This article is more than 8 years old.

In the not-too-distant future, says Benzi Ronen, founder and CEO of Farmigo, consumers will use mobile phones to order non-perishables like toothpaste and toilet paper from Amazon and then buy their fresh food--from “humanely raised” lamb chops to “locally foraged” ramps--from his six-year-old online grocer based in Brooklyn, NY. Using technology and community-organizing techniques borrowed from the Obama campaign, he is building a network of Farmigo reps who are spreading the word throughout their neighborhoods and distributing food at weekly pick-ups. Farmigo operates only in New York, New Jersey and parts of northern California, but Ronen, 44, believes he can take his model to all 50 states. This interview has been edited and condensed.

Forbes: What is Farmigo?

Ronen: It’s an online farmer’s market that connects you directly to local producers in your area where you can get all of your fresh food needs.

Forbes: How big is the company?

Ronen: We have 60 employees. A year ago we had 20. I can’t reveal revenues but the business has doubled in the last three months. We’ve raised $10 million in venture funding, for some farms we represent 40% of their sales and we’re feeding 15,000 families a month in 300 locations.

Forbes: Are you profitable?

Ronen: No.

Forbes: Did you start Farmigo to make money or to further a social mission?

Ronen: Farmigo is a for-profit company. But we became one of the first Delaware Benefits Corporations. We changed the bylaws of our company so we’re not just about returning shareholder value, but also about maximizing the gains for our partners, who are farmers. The farmer gets 60% of the dollar you pay as a consumer. Our organizers get 10% and Farmigo gets 30%. That’s unheard of in the food business where farmers get 20%. When our investors say, “Let’s ratchet that down,” we say,“This is about making money” -- because if our partners are healthy, then they’re going to bring more of their friends to you.
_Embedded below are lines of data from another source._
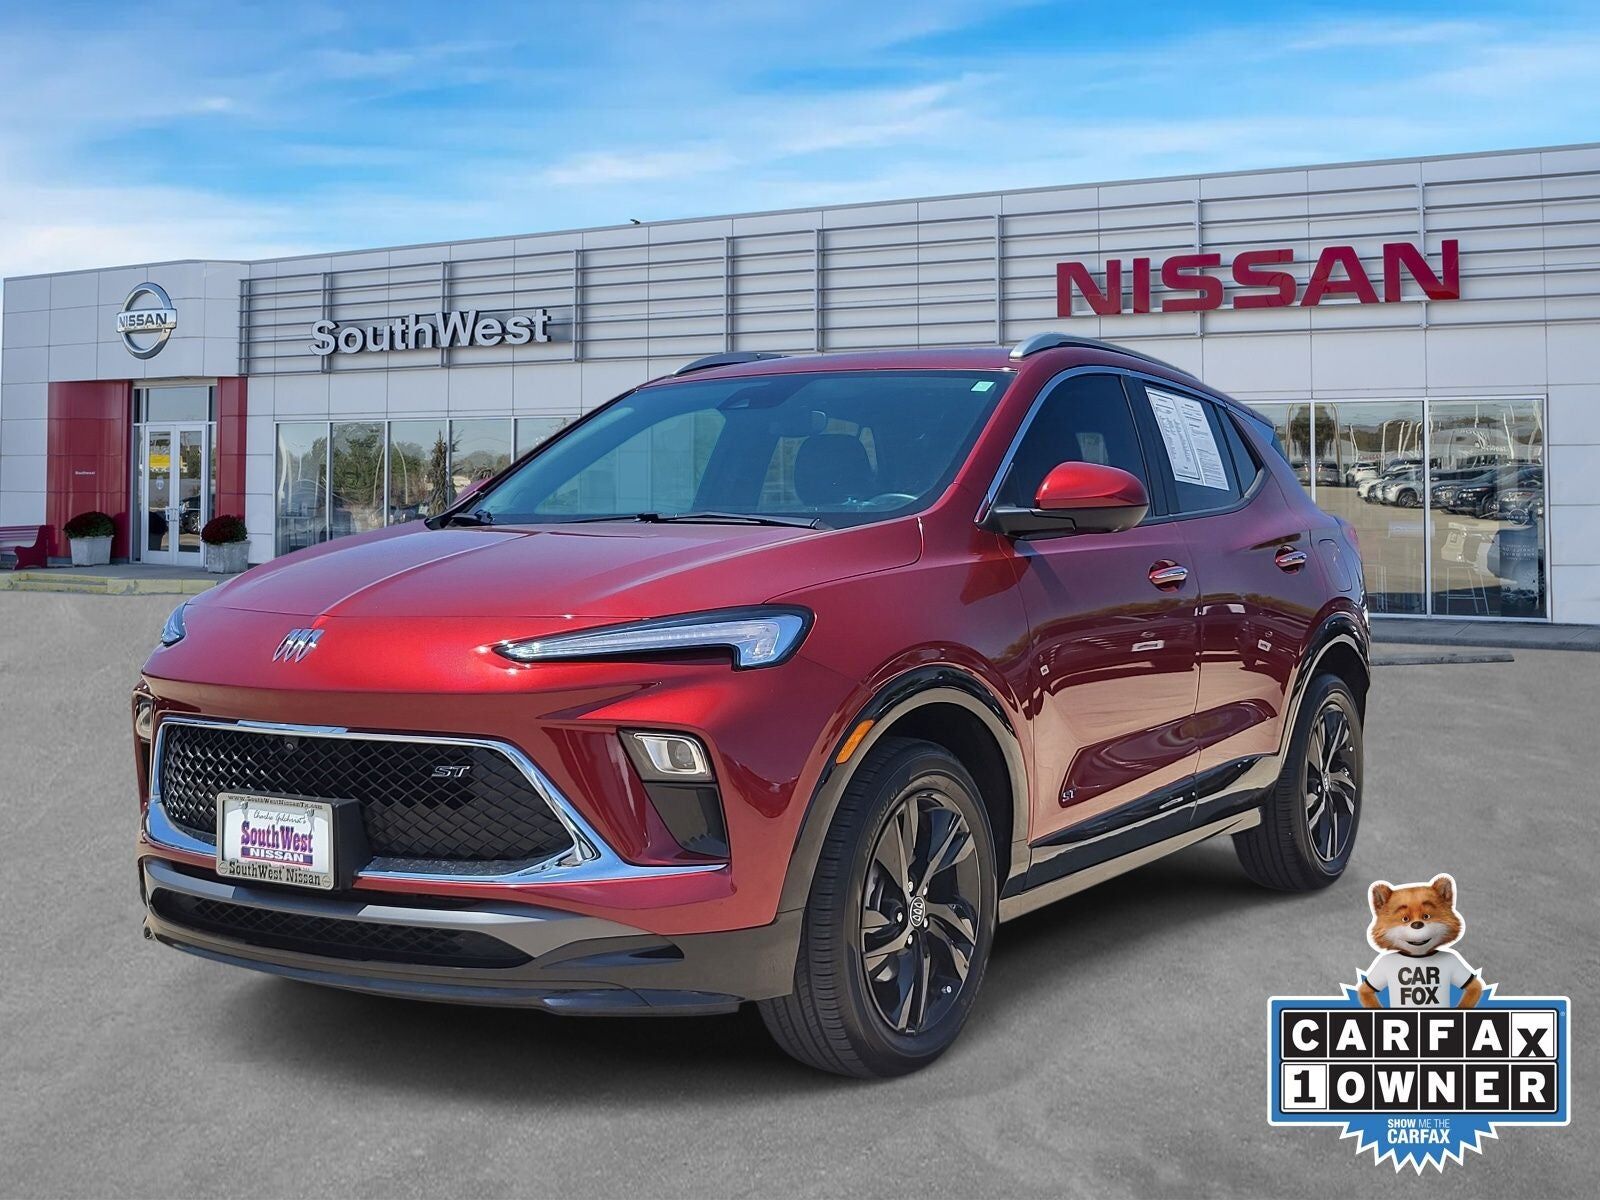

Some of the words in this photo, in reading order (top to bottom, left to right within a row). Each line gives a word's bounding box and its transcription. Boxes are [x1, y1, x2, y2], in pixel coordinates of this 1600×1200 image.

[1056, 239, 1460, 319] NISSAN
[119, 312, 168, 329] NISSAN
[309, 308, 552, 356] SouthWest
[431, 765, 470, 778] ST
[240, 820, 314, 853] SouthWest
[249, 847, 304, 862] NISSAN
[229, 860, 283, 881] SouthWest
[285, 868, 321, 886] Nissan
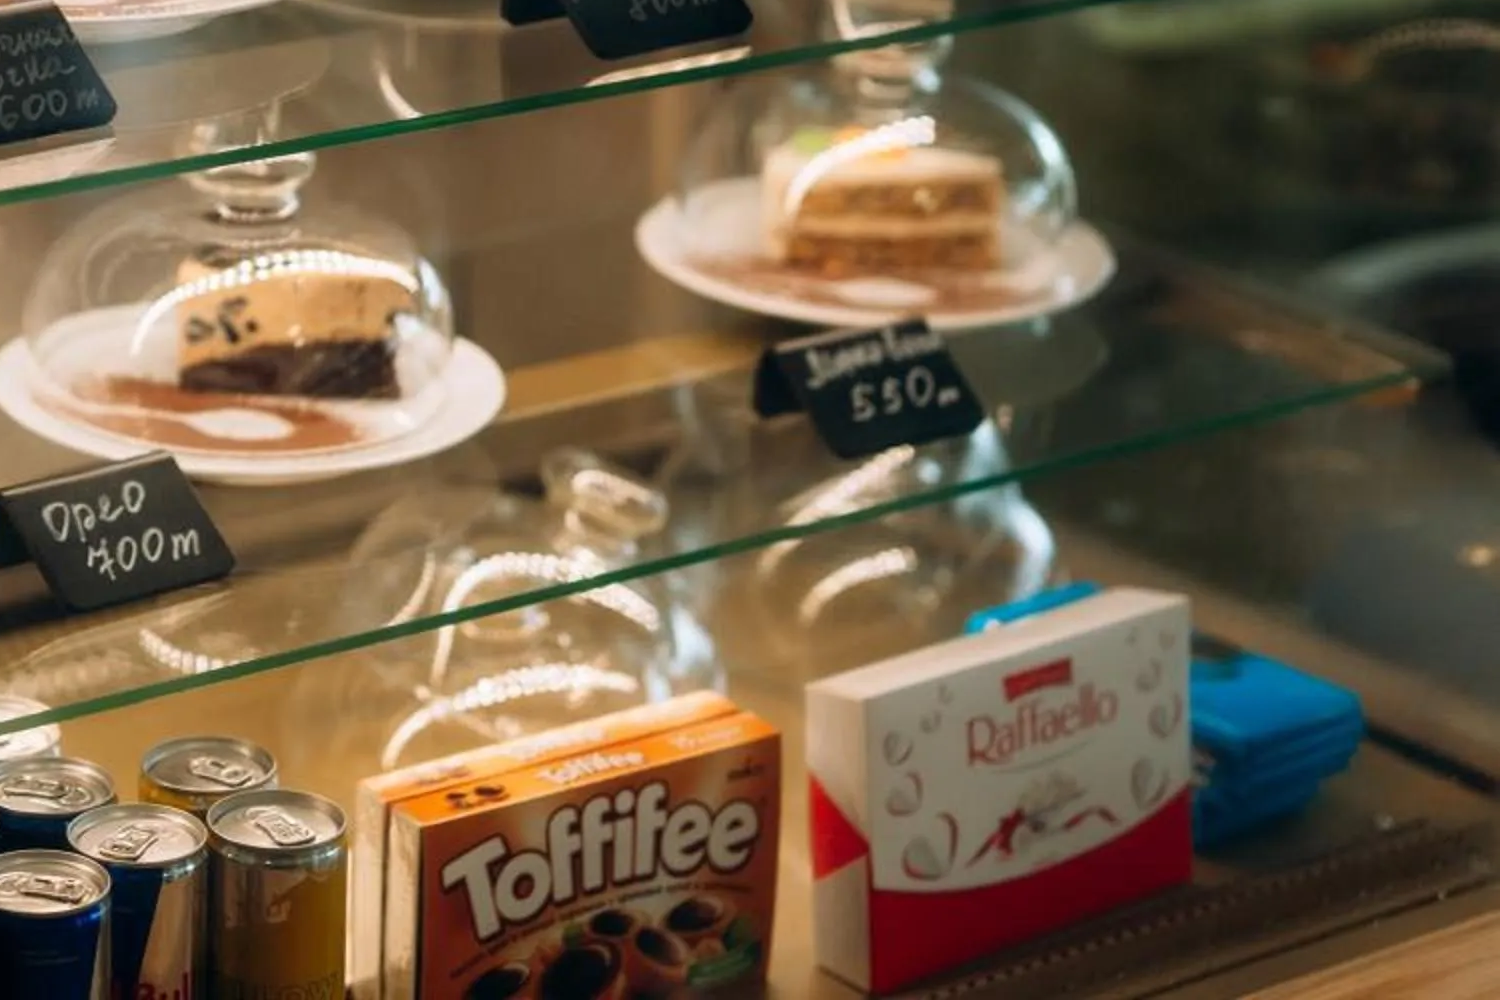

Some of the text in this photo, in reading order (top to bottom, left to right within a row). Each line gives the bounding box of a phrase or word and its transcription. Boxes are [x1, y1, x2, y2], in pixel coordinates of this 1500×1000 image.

[41, 480, 146, 543] Орео
[964, 680, 1120, 768] Raffaello
[441, 780, 761, 942] Toffifee
Forbes: Where are you from and how did you come to the business world?

Ronen: I’m originally from New York. My father is Israeli and my mother is from New Jersey. I went to high school in Israel and I did my army service there. I went to graduate school at the University of Michigan and studied business.

Forbes: Tell me about the business you started before Farmigo.

Ronen: I call it cliff jumping. You’re on steady ground, working for a big corporation and then suddenly there is no solid ground underneath you, no salary, and you’re hoping your parachute is going to open.

I had been working for Microsoft in Seattle. My first business was a software company and it managed the employee-recruiting process for large companies. It ran for three years but it didn’t fulfill our expectations.

Forbes: Then you took another corporate job at SAP . What gave you the idea to start Farmigo?

Ronen: I asked myself, can I start a company that will have a potential for a huge outcome but do something that will be much more satisfying and fulfilling by giving something back. My litmus test was, was it something I’d enjoy talking about at a dinner party with friends.

Forbes: Are you a foodie?

Ronen: I’m not a foodie. I eat healthy food and my family has a salad every night. My wife does most of the cooking. I’m not a chef, I’m not a farmer, I’m an entrepreneur. I saw a system that would be better for the consumer, better for the farmer and better for the planet.

Forbes: How did you get Farmigo off the ground?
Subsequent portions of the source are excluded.